Schmidt uses Heston to explore the ambiguous politics of atheism. As Heston mocked powerful churches and the American religious consensus, he often punched down. While some cartoons grouped freethinkers with Jews and Mormons, or portrayed how (he thought) Christianity oppresses women or African Americans, just as often, the Old Testament was mocked as Jewish, Mormon polygamy as a barbarity, and religion itself as effeminizing and womanish. More profoundly, the profusion of sinister miters in his cartoons betrays the Protestant roots of his atheism. Many of his critiques of ritual, magic, and superstition drew on deep American suspicions about Popery.

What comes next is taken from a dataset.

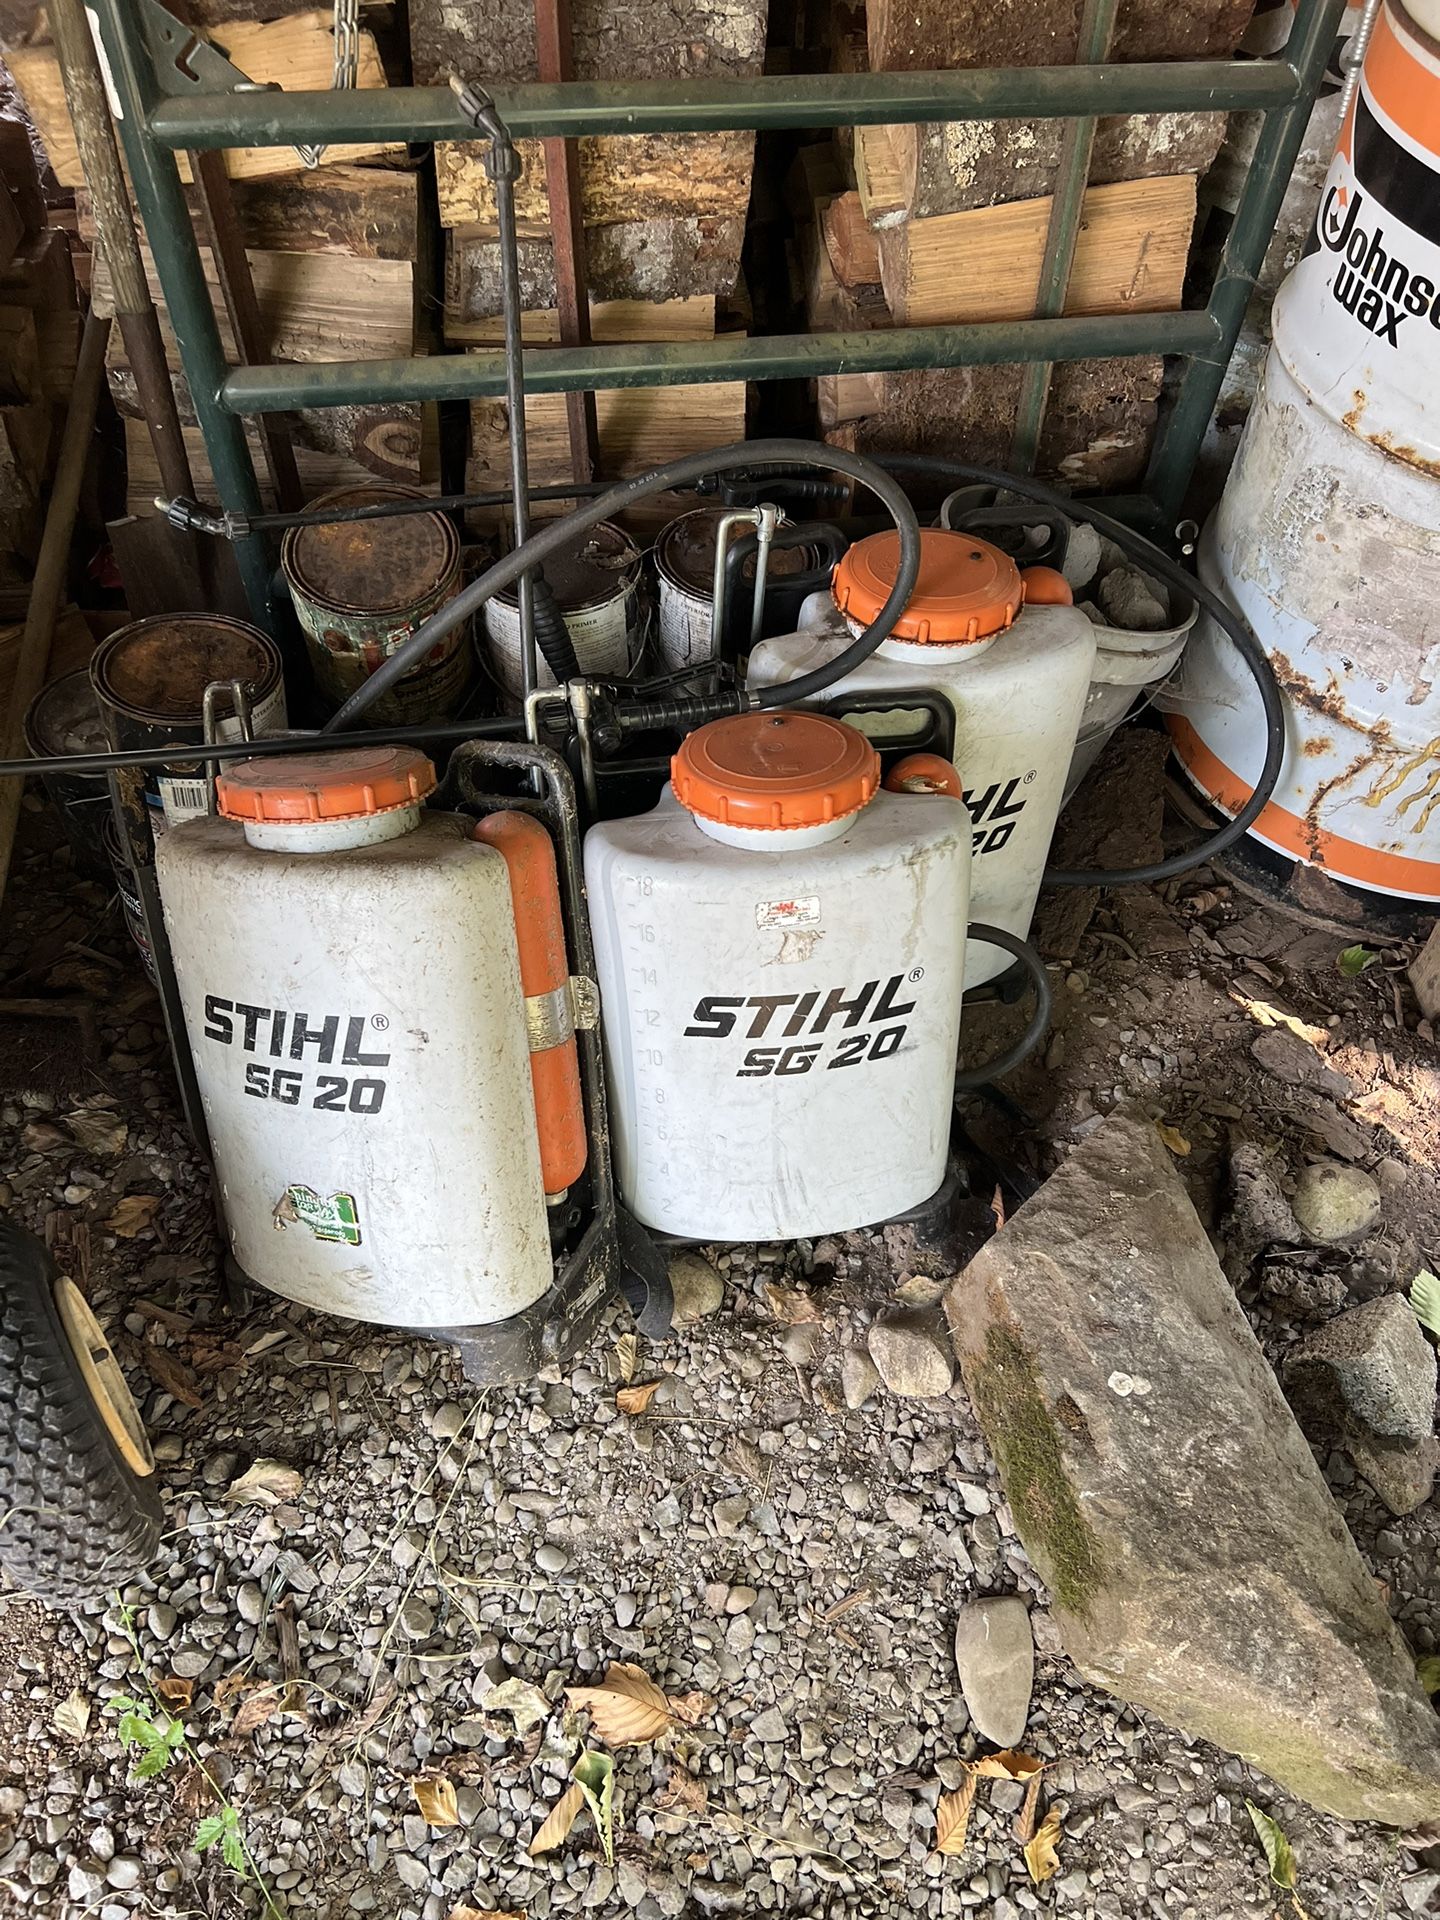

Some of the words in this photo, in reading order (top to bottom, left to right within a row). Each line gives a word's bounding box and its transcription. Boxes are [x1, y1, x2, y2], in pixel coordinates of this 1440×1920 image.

While Heston’s arguments were derivative, he pioneered a caustic, disenchanting humor. When he represents priests and parsons as oinking pigs gathered at the bedside of the dying freethinker, his point is less to argue that clergy are parasites than to strip them of their dignity. Enthusiastic letters praised Heston’s “honest bluntness,” which permitted beleaguered and socially isolated atheists across America to indulge in some old-fashioned ressentiment. The cartoon, as well as his self-taught draftsmanship, pushed Heston toward caricature and crudity, but these also implicitly advanced his materialism more compellingly than his familiar arguments. His cartoons depict a world so nasty, venial, and ridiculous that it has no place for religious ideals.

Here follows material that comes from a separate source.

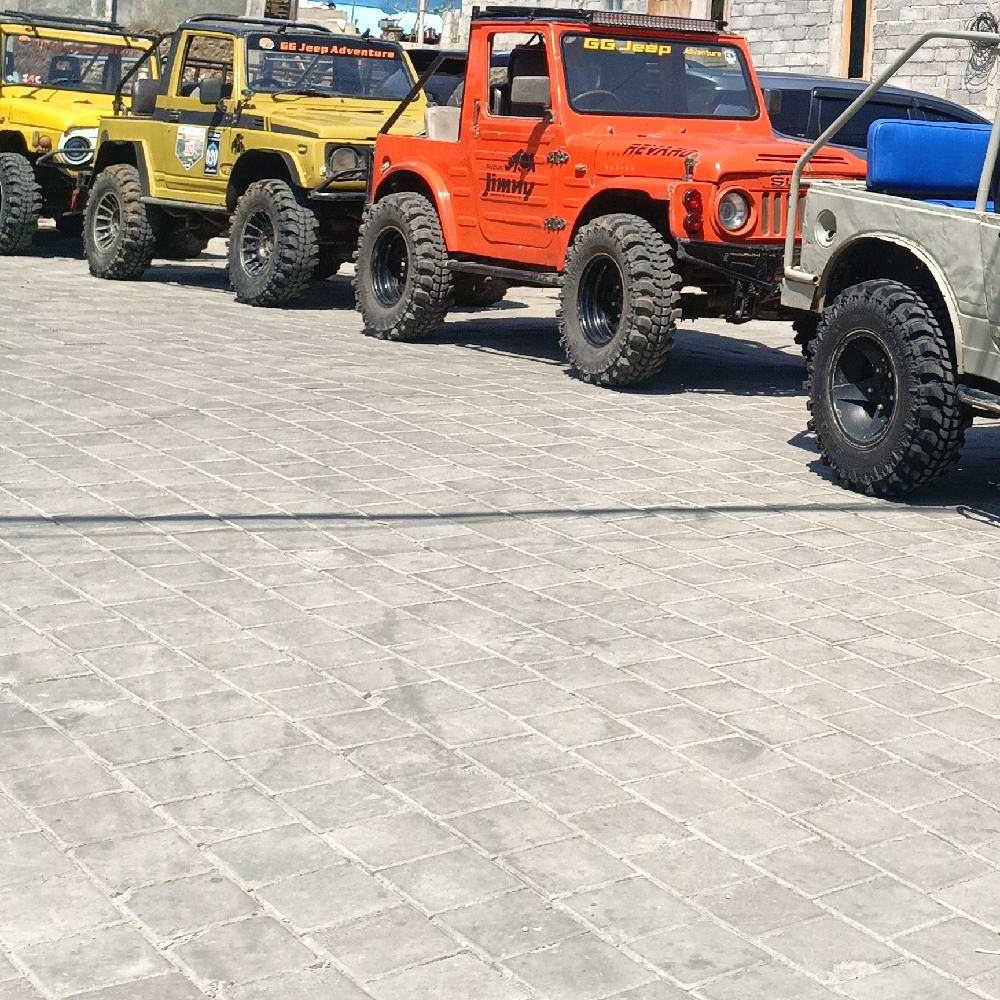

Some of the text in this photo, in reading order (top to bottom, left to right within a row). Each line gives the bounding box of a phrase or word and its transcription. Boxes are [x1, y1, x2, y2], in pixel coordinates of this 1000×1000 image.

The other chapters of Schmidt’s book provide similarly rich, textured accounts of key atheists’ lives and works. Schmidt is at his best in drawing out social history from the fine details of biography. He instinctively complicates and nuances, and he has a sharp eye for the contradictions between Putnam’s real and reported lives, or the tensions in Heston’s comics between sympathy for the downtrodden and ridicule of them. But by the same token, no broad theory or sharp thesis animates Village Atheists. Surveying the centuries-long battle between the Madisonian majority and the Jeffersonian dissent, Schmidt’s analysis basically boils down to: It’s complicated.

Indeed, his epilogue, which traces the path of “village atheists” in the twentieth century and makes the book’s major controversial causal claim, is the one moment in which his usually precise historical sense slips. After reviewing the apparent collapse of the freethinking movement after 1900, Schmidt turns to the post-war shift in Supreme Court jurisprudence: the rejection of blasphemy laws, limits on the school-supported study of religion, and the overturning of theistic requirements for public office or jury service. Schmidt understands this shift as the logical continuation of the history he has been telling: “Through a long drawn-out process of secularist activism, a tiny minority of atheists, agnostics, and freethinkers had managed to gain explicit judicial acknowledgement.”

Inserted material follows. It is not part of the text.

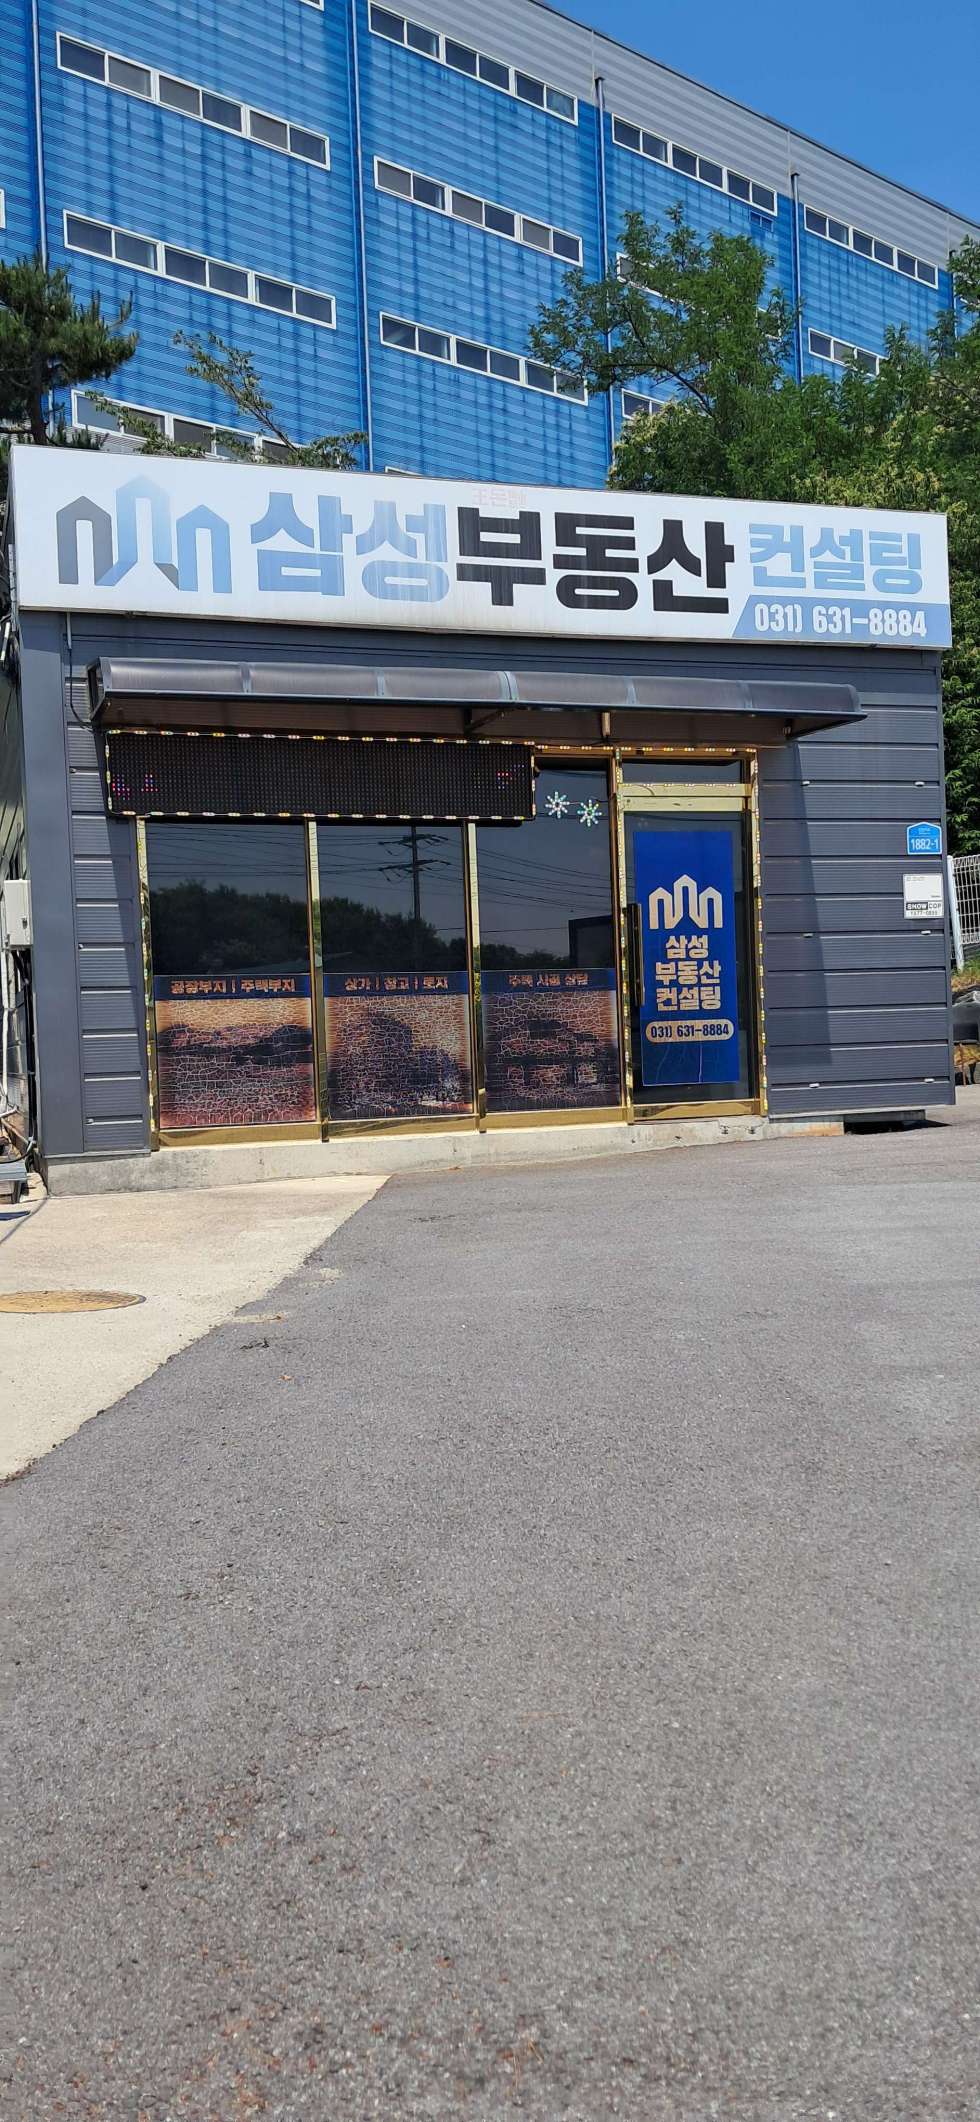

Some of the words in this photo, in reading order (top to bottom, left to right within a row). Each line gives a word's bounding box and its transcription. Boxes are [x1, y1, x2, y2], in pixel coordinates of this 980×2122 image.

The trouble here is that, as social scientists say, you cannot explain a variable by reference to a constant. Atheists had been petitioning courts for half a century before the courts started paying any attention. What changed? In part, as Noah Feldman’s Divided By God suggests, the “legal secularism” of the Warren Court emerged precisely because of the failure of a secularist program for the broader culture. As Schmidt concedes, the first decades of the twentieth century witnessed the institutional collapse of atheism. Further, as the Cold War began, Christianity was unquestionably in control of American culture, so much so that religious organizations initially felt unthreatened by the new Supreme Court decisions. The newly weak status of atheists changed how the Court saw them. Instead of imagining atheists as a vanguard, legal secularism imagined them as a beleaguered, harmless minority, like Jews. After the Holocaust, and in view of the cultural hegemony of Christianity during the early Cold War, the Court saw itself as bound to protect minorities. To explain the success of the secularist challenge to religious America, we need to understand social changes and movements far larger than a few village atheists.

Raphael Magarik is a Ph.D. candidate in English literature at the University of California, Berkeley.